ESPERA DEL ESPÍRITU SANTO
La luz deslumbradora de la solemnidad de mañana
ilumina ya este día. Los fieles se disponen con el ayuno a celebrar
dignamente el misterio; pero, como en la Vigilia Pascual, la misa de los
neófitos, que entonces se celebraba por la noche, ahora se ha
anticipado; por eso desde antes de mediodía la alabanza del Espíritu
Santo, cuya efusión está tan cercana, ha resonado en toda Iglesia que
tenga pila bautismal. Por la tarde, el oficio de Vísperas da comienzo a
la augusta solemnidad. El Reino del Espíritu divino está, pues,
proclamado desde hoy por la Liturgia. Unámonos a los pensamientos y
sentimientos de los habitantes del Cenáculo, donde está a punto de ser
cumplida nuestra esperanza.
LA CREACIÓN — En
toda esta serie de misterios que hemos visto deslizarse hasta aquí en el
curso del Año litúrgico, hemos presentido con frecuencia la acción de
la tercera persona de la Santísima Trinidad. Las lecturas de los libros
Sagrados, tanto del Antiguo como del Nuevo testamento, han llamado más
de una vez nuestra atención respetuosa hacia este Espíritu divino que
parecía rodearse de misterio, como si aún no hubiese llegado el tiempo
de su manifestación. Las operaciones de Dios en las creaturas son
sucesivas; pero llegan infaliblemente a su tiempo. El historiador
sagrado, en la relación de la creación, nos muestra al Espíritu Santo
flotando sobre las aguas y fecundándolas silenciosamente, esperando su
separación de la tierra que inundaban.
PREPARACIÓN DE LA ENCARNACIÓN.
— Aunque el Reino patente del Espíritu Santo sobre el mundo se ha
diferido hasta el establecimiento del Hijo de Dios sobre su eterno
trono, no vayamos a creer por eso que el Espíritu divino ha permanecido
inactivo hasta ahora. Todas las Sagradas Escrituras, de las que hemos
hallado tantos fragmentos en la liturgia, ¿qué son sino la obra oculta
de aquel que, como nos dice el Símbolo, "ha hablado por los Profetas"?
(Qui locutus est per Propfetas. Símbolo de Nicea — Constantinopla). Era
quien nos daba el Verbo, Sabiduría de Dios, por medio de la Escritura,
como más tarde debía dárnoslo en la carne de la humanidad.

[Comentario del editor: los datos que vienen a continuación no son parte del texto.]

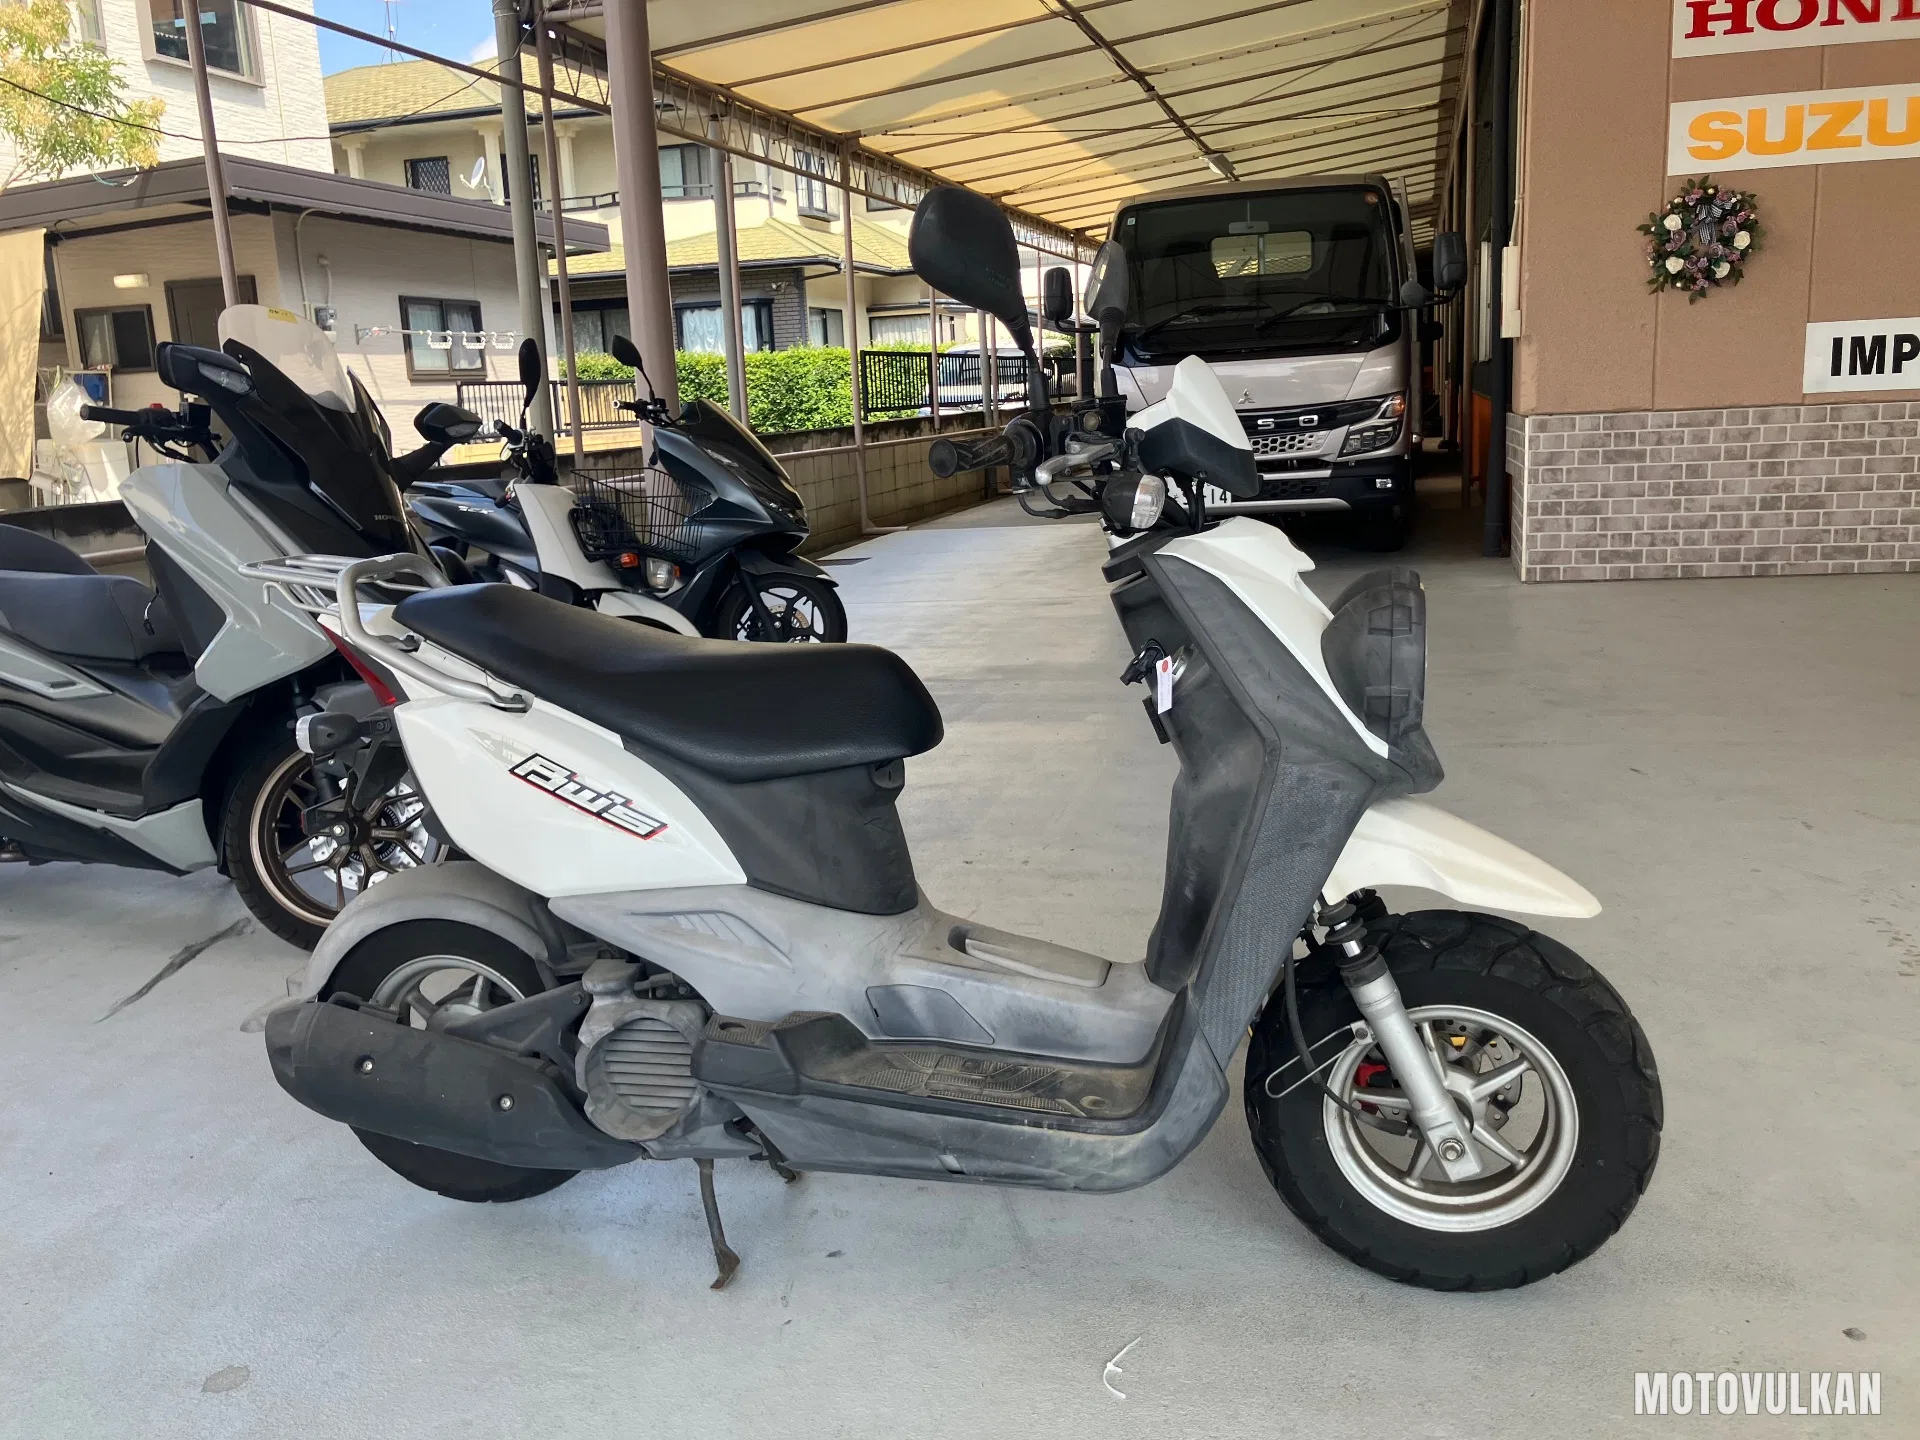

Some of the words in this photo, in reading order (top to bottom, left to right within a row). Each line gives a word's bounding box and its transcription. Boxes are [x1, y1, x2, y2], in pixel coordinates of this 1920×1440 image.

No ha estado ocioso ni un solo momento en la
duración de los siglos. Preparaba el mundo para el reino del Verbo
encarnado, juntando y mezclando las razas, produciendo esta expectativa
universal que se extendió desde los pueblos más bárbaros hasta las
naciones más avanzadas en la civilización. No se había dado a conocer
aún a la tierra, pero se cernía con amor sobre la humanidad, como se
había cernido al principio sobre las aguas mudas e insensibles.
LA ENCARNACIÓN.—
Esperando su venida, los profetas le anunciaban en los mismos oráculos,
donde predecían la llegada del Hijo de Dios. El Señor decía por boca de
Joél: "Yo esparciré mi Espíritu sobre toda carne" (Joél, 11, 29). En otra ocasión se
anunciaba así por la voz de Ezequiel: "Yo derramaré sobre vosotros un
agua pura, y seréis purificados de todas vuestras manchas, y os
purificaré de todos vuestros ídolos. Y os daré un corazón nuevo, y
colocaré en medio de vosotros un nuevo espíritu; y os arrancaré el
corazón de piedra que está en vuestra carne, y os daré un corazón de
carne, y colocaré en medio de vosotros un Espíritu que es el mío".
Pero antes de su propia manifestación, el
Espíritu Santo había de obrar directamente para la del Verbo divino.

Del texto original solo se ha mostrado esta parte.